C + C = Confused & Complicated D: sigh ~~



Sigh ~~ am just feeling sad and confused D: I just feel like i'm staying in a complicated and confused life . I'm worry about something . Something makes me feel uncomfortable for the past few days but I do not know what is it and what is the reason :(


MAYBE ONLY , I think its because I realized and learnt something new last week for MUET class . Puan Aznida asked the whole class  to talk about our weaknesses in ourselves . Many of us have a lot of weaknesses and most of us have the same common weaknesses . Nobody is truly perfect in this world at all !! From that day onwards , I started to realized that I have thousands of weaknesses in me , myself  *cries*
I don't whether should i list down some of my weaknesses or not , but I really felt the weaknesses feeling in myself xD

  • am scare / not willing to try new things , new obstacles (don't know why !! T.T)
  • am scare talk something out of the topic / wrong things that will hurt people , thats why sometimes i would just rather to keep quiet than talking
  • lost of idea during presentation
  • scare / nervous while doing presentation / giving speech infront of everyone
  • lack of confidence
  • sometimes have the "KIASU" feeling :X
  • always have pessimistic feelings. 
  • am semi open-minded person (==)
  • am afraid people will talk bad about me 
Actually there's alot more . I just couldn't type everything out right ? :)) sigh . For the past few days , I really feel sad and lonely when there's no one can talk to me . I feel like I had did something wrong to them until they didn't really talk to me. I have that kind of feeling while looking at their looks. I felt that they were really angry at me or they find me very annoying . I KNOW that they are not that type of person but i just kept thinking that way ! I really felt sad and I want to cry whenever I asked them a question and they didn't answer me . I know sometimes they were busy doing things but I just ugh ~~ I don't know how to say it out . I don't know how to express my feelings out. D:

I guess I think too much and I make myself stress? haha. sigh ~~ I wish I won't think that way anymore. I know it is not good but I can't control my feelings. maybe I should try to be more open-minded person and accept everything . ~ By the way , everyone talks i'm a talkative and cheerful person in life , but I can say that I am actually not that type of person . I always keep things in my heart and won't blow anything out . I'll just keep it and sometimes it will make me cry . I don't know who to talk to about my problems. I don't dare to talk to my family members . No one really understands my feeling actually . 

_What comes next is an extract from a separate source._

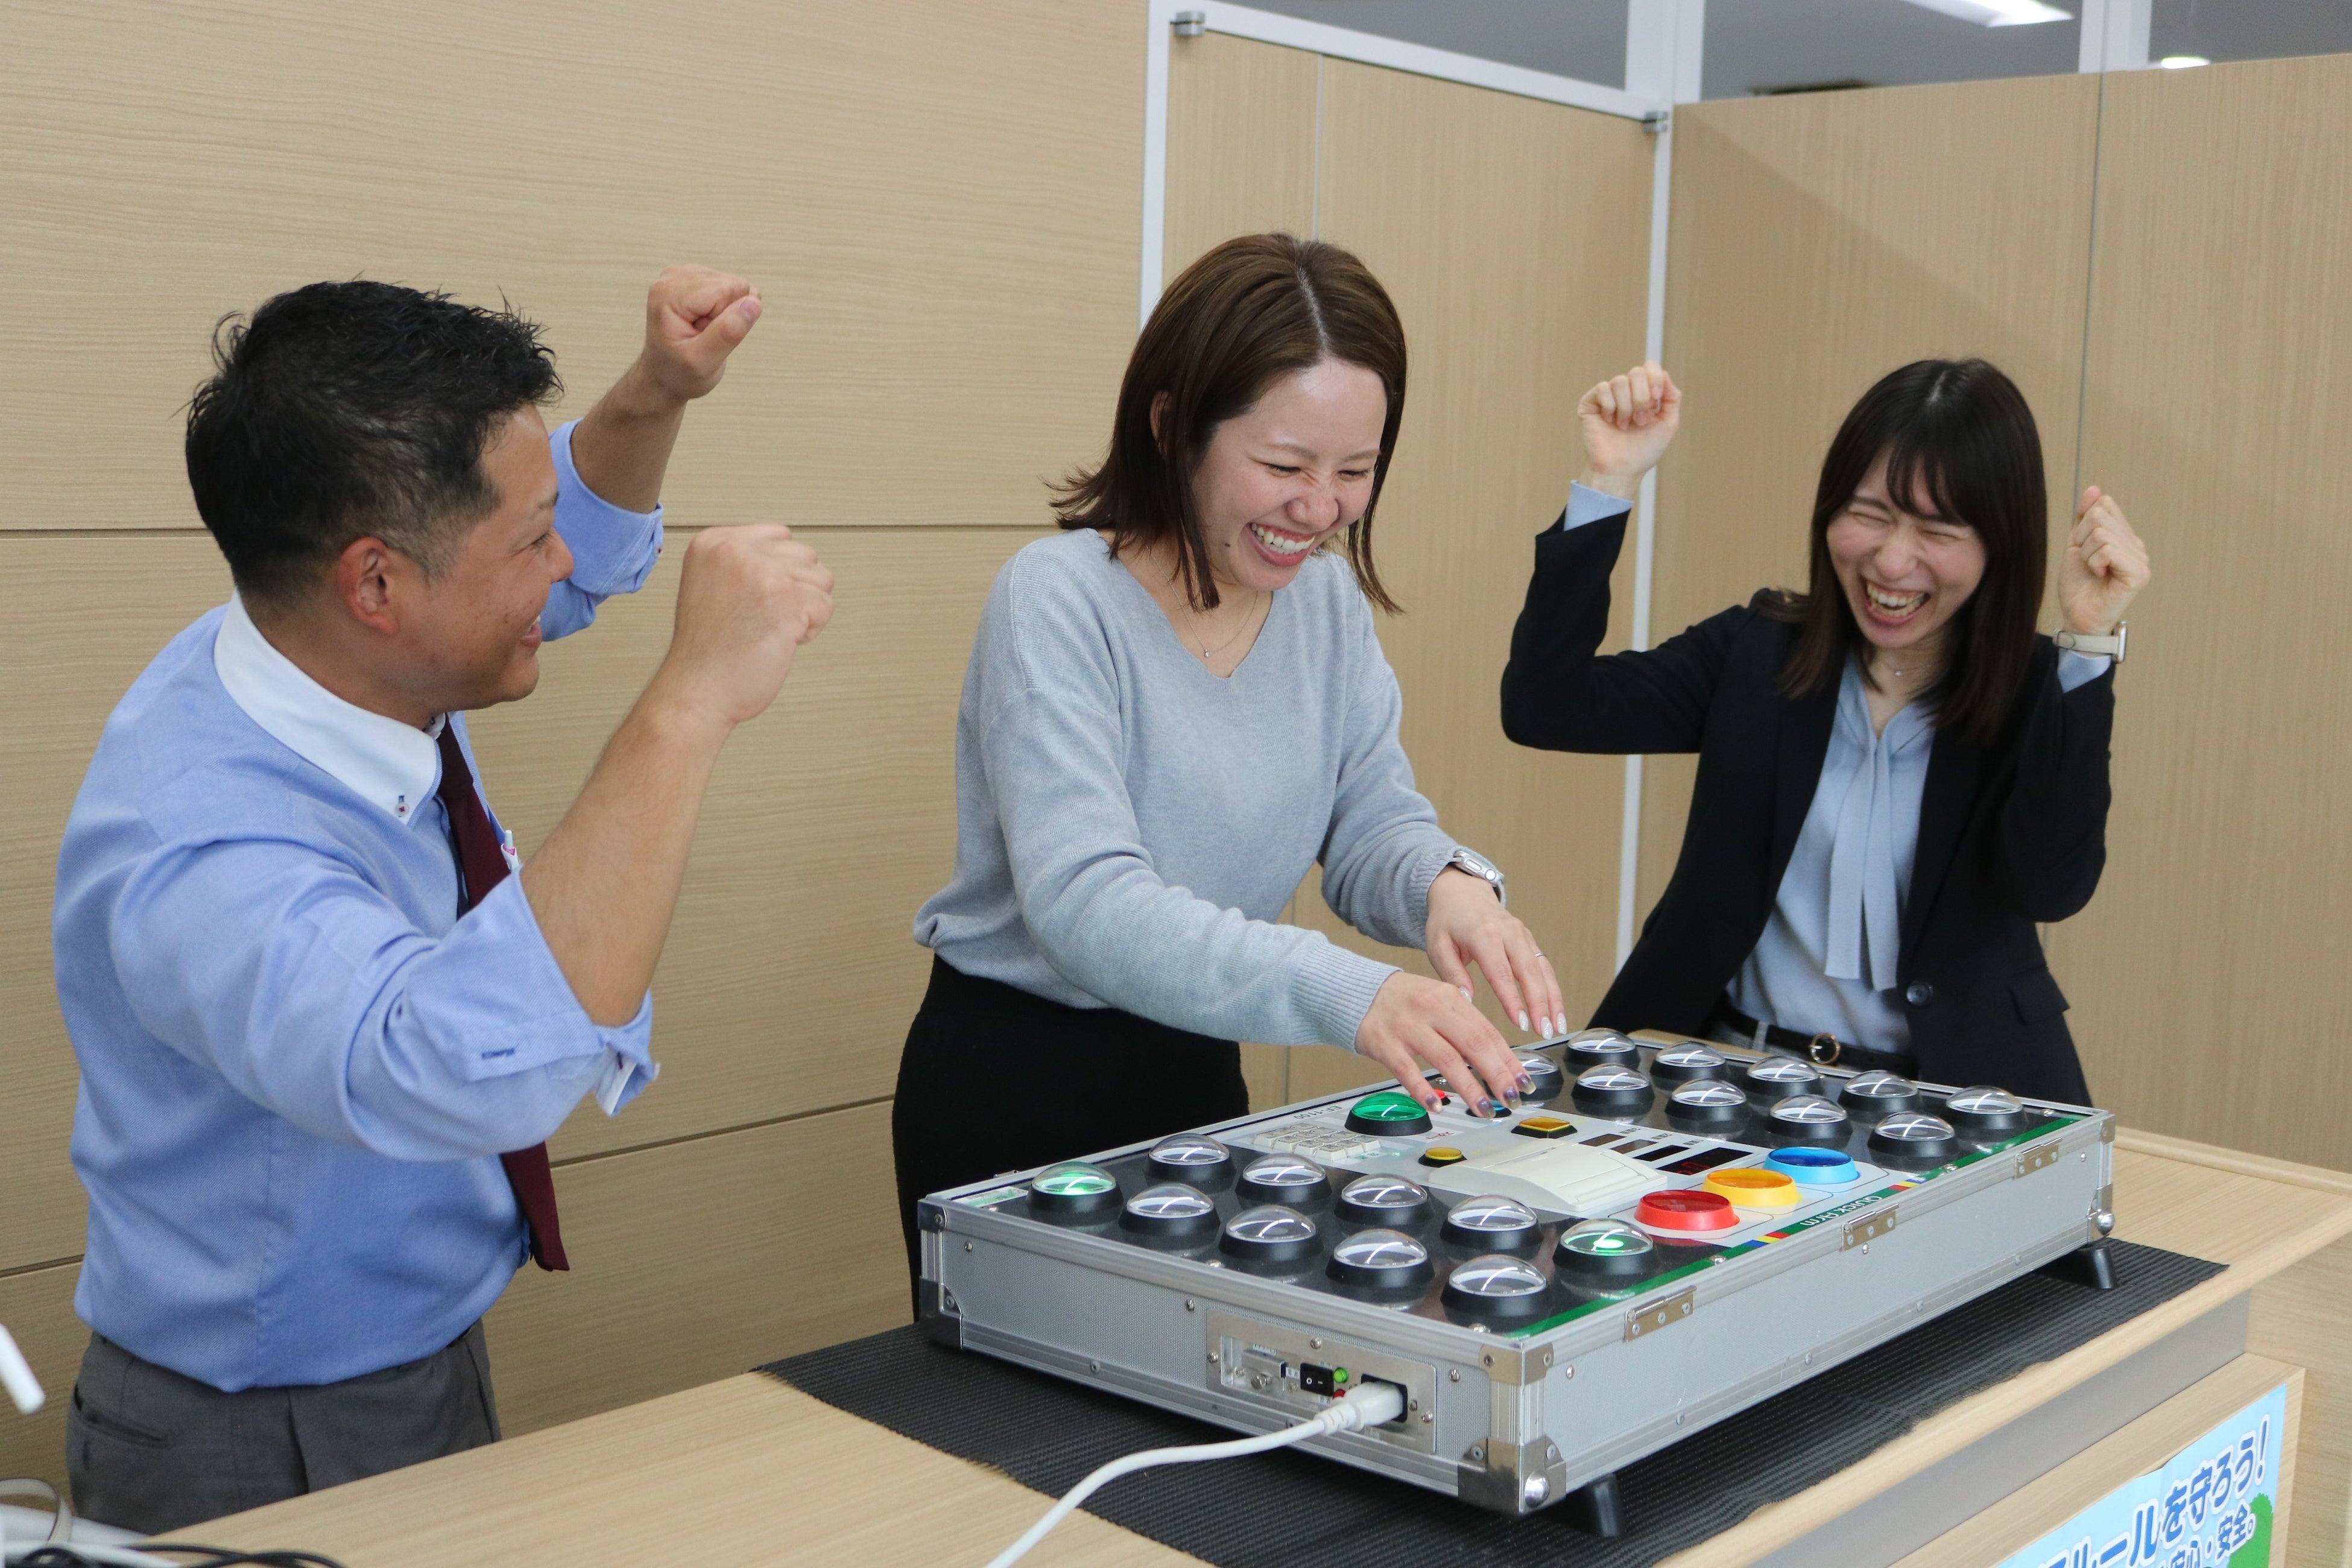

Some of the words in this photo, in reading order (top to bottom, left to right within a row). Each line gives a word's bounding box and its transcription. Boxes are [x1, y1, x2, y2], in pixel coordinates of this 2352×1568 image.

[1836, 1195, 1882, 1212] Quick
[1800, 1212, 1839, 1226] Arm
[2048, 1420, 2269, 1568] ルールを守ろう!

I'm still in an uncomfortable situation now eventhough after i blew everything out in my blog. D; Hahah ! I guess I really have to change myself , i mean my characteristic . ^^ hmmm ~ let's change topic now . Last monday , my school had organized a blood donation drive and we managed to broke record with 72 people who came and donate the blood . I'm one of the 72 people out there. *smiles* Frankly speaking , it was not really that scary to donate blood. It was fun eventually ! I don't know why but somehow you will feel very weak after you donate your blood . I almost faint because I didn't get enough of rest and my classmate said that i look very pale at that moment D:  Oh well , conclusion , it was nice and am feeling happy that can save other people's life . 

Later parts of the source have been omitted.